*Material supplied*
********************
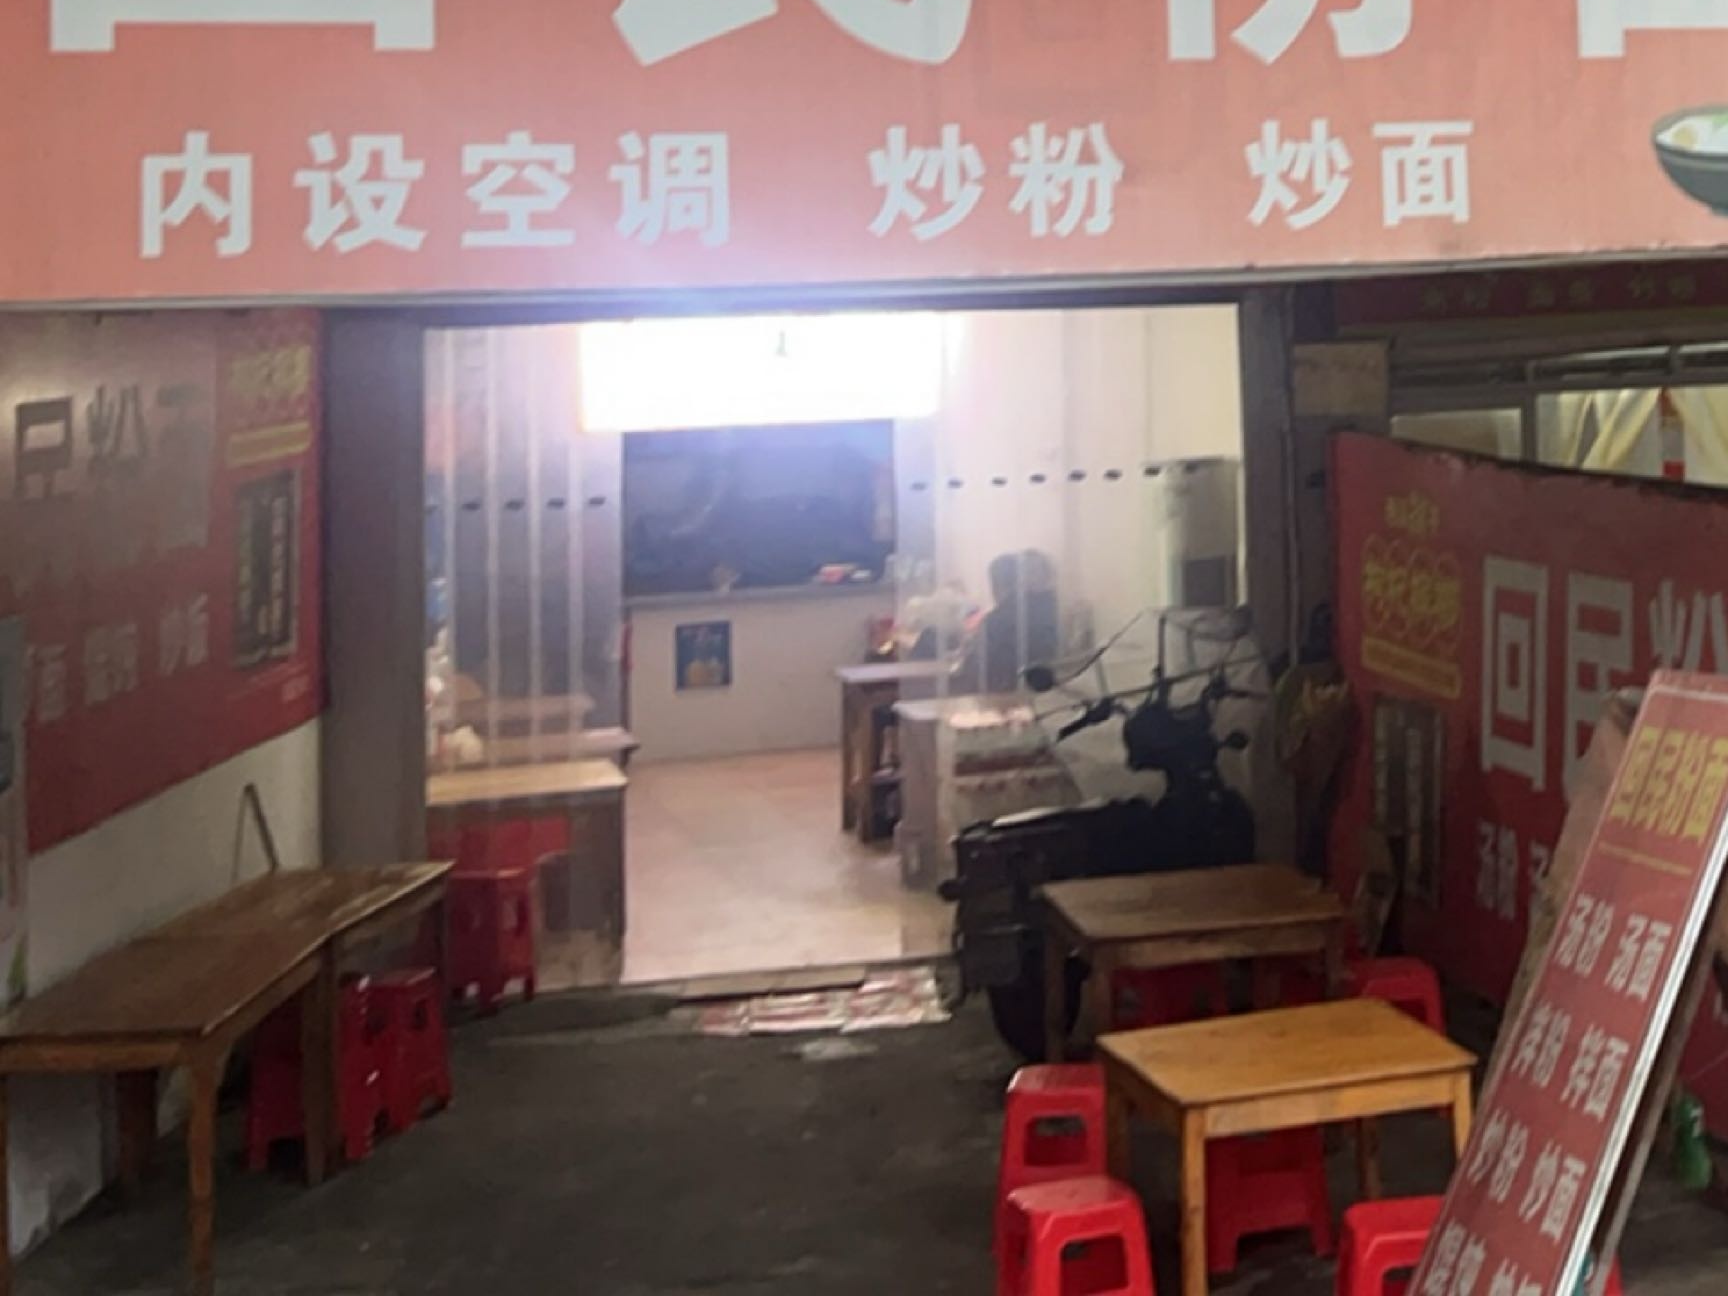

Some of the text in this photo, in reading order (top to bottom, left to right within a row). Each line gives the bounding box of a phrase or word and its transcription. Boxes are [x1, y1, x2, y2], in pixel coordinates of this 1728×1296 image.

[140, 118, 1474, 258] 内设空调 炒粉 炒面
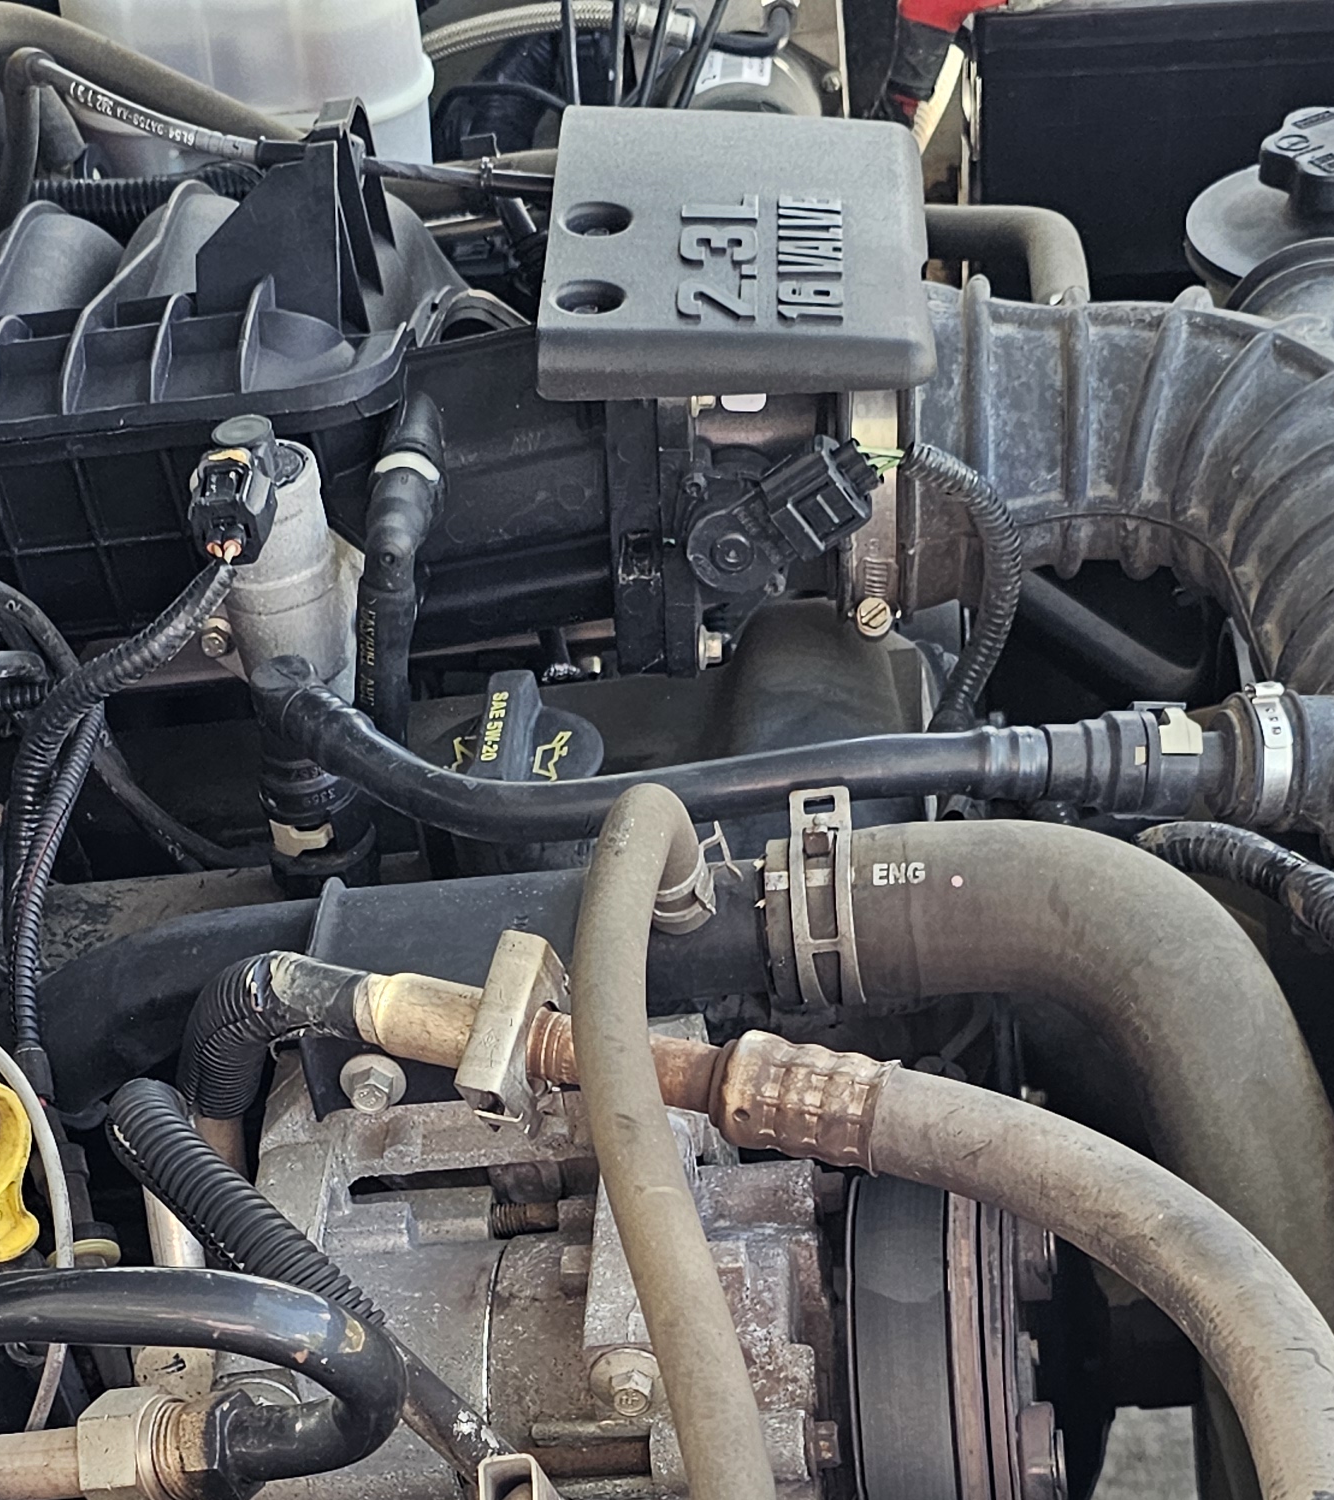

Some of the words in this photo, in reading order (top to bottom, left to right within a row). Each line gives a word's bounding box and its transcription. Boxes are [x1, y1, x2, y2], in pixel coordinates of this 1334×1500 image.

[776, 195, 842, 279] VALVE
[776, 280, 843, 326] 16
[7, 598, 21, 612] 2
[488, 691, 509, 719] SAE
[480, 720, 503, 761] 5W-20
[872, 861, 925, 885] ENG
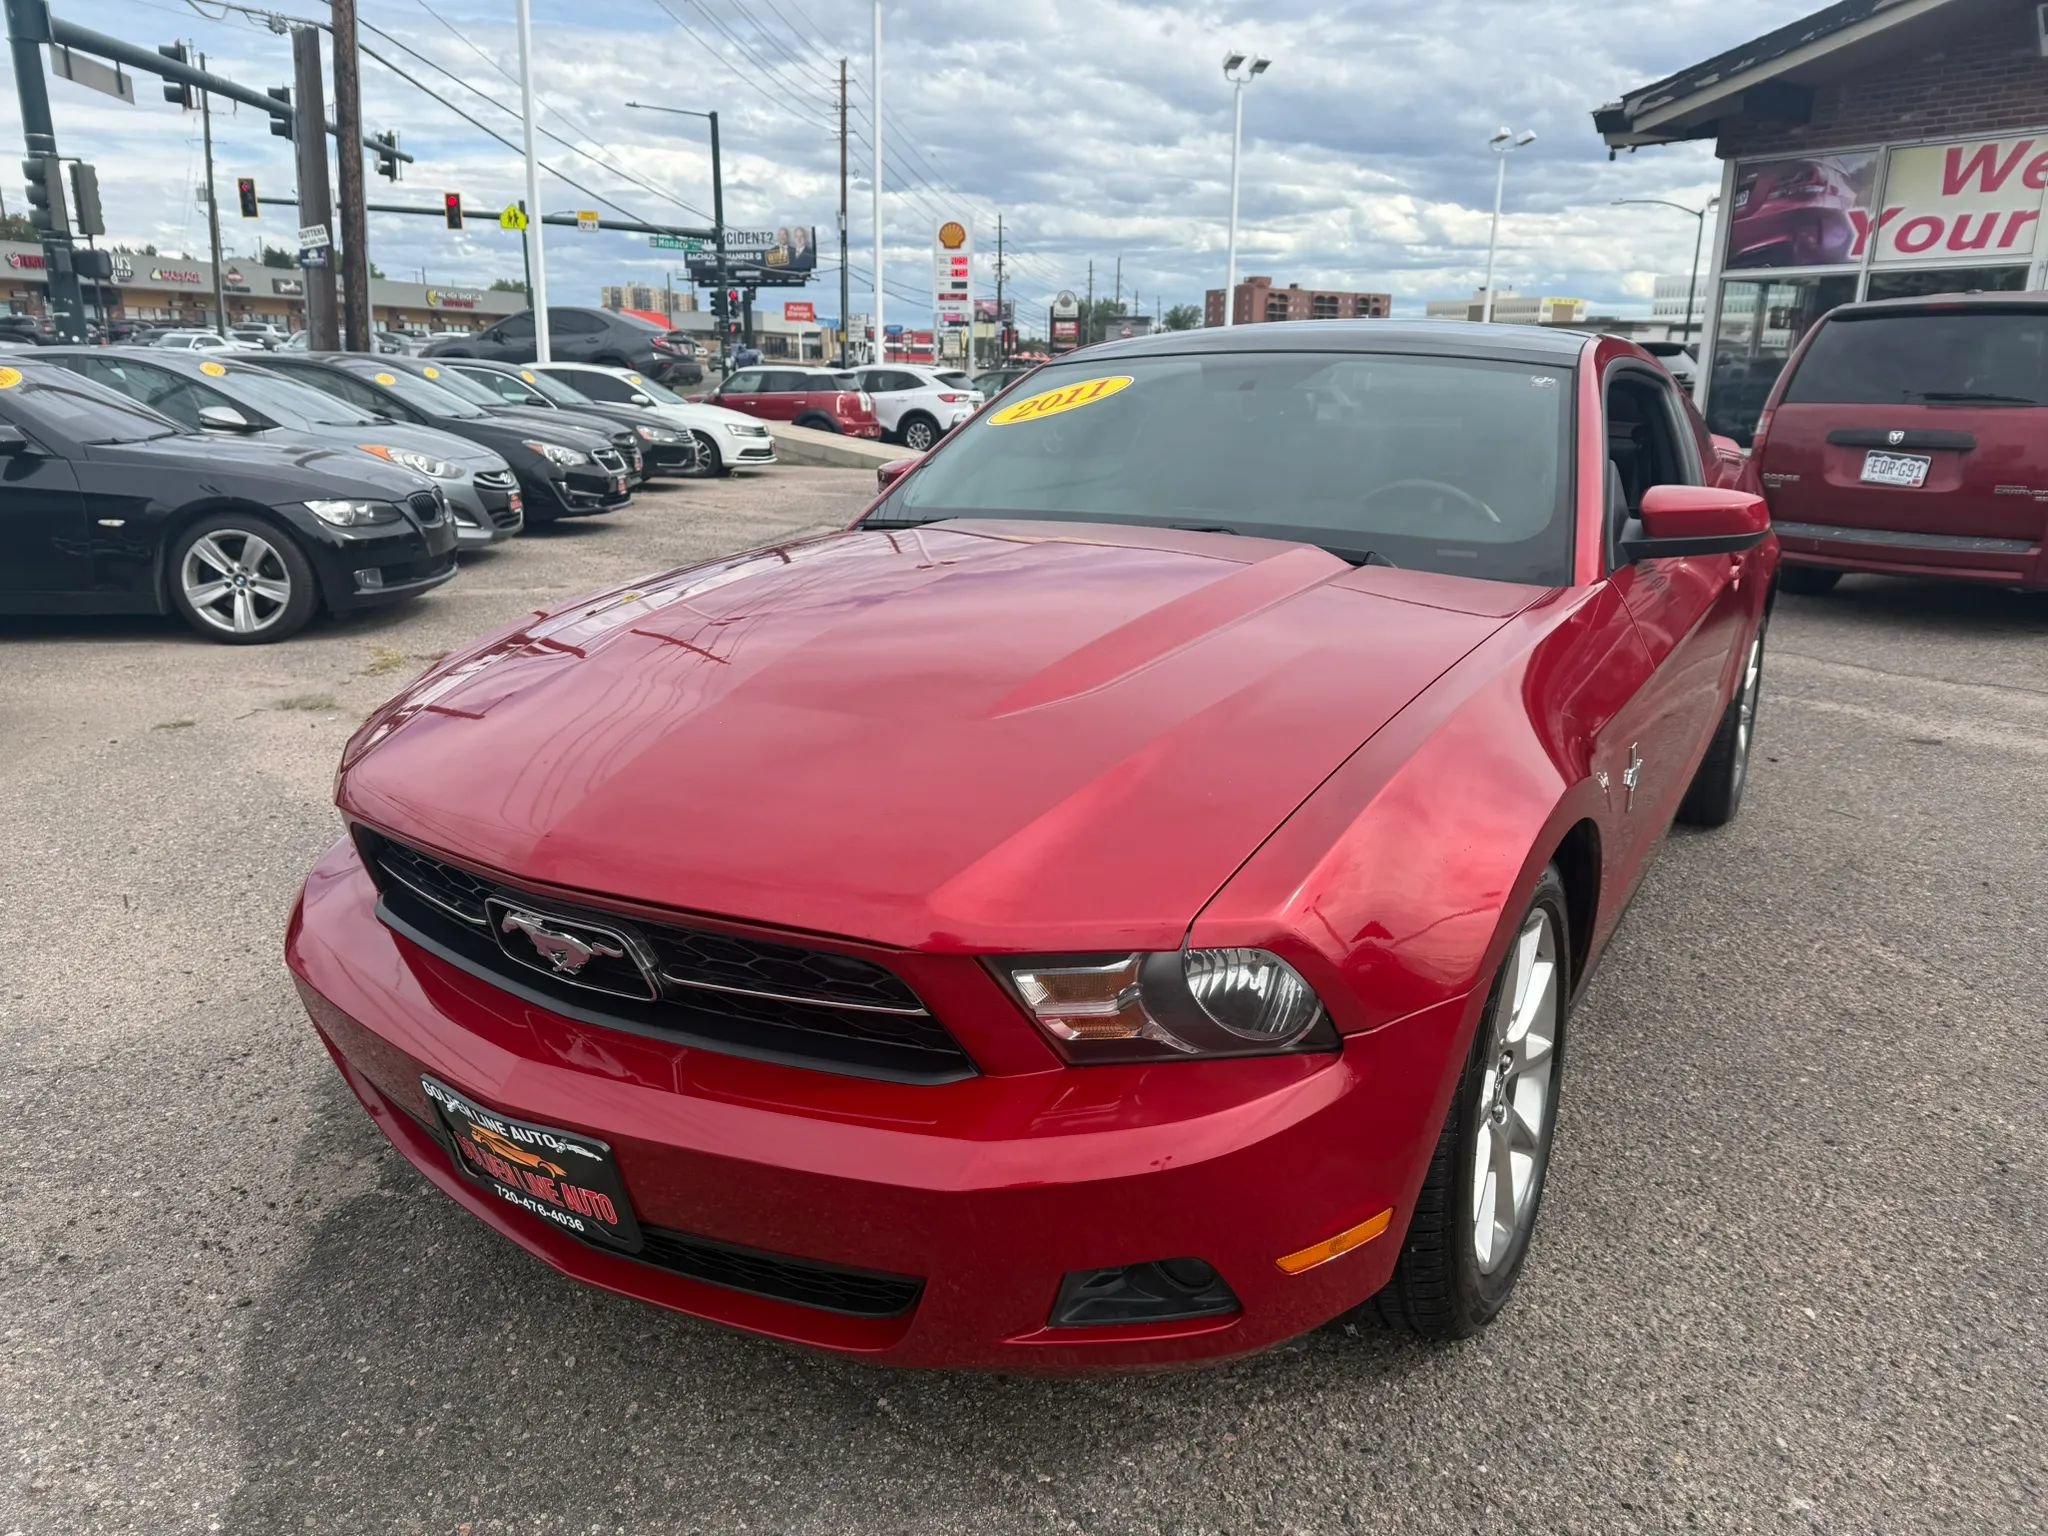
********************
The preceding entries are to be returned verbatim, with every picture excluded.

Some of the text in this photo, in reading order (top to bottom, left to right within a row). Each line gives the bounding box of a phrase or word and its transcription. Boxes are [x1, y1, x2, y2], in pixel coordinates of this 1728×1296 image.

[140, 118, 1474, 258] 内设空调 炒粉 炒面

Some of the words in this photo, in reading order (top to bottom, left to right within a row). Each line gives a word's bounding box and its transcription. Boxes are [x1, y1, x2, y2], in pixel coordinates of this 1334×1500 image.

[776, 195, 842, 279] VALVE
[776, 280, 843, 326] 16
[7, 598, 21, 612] 2
[488, 691, 509, 719] SAE
[480, 720, 503, 761] 5W-20
[872, 861, 925, 885] ENG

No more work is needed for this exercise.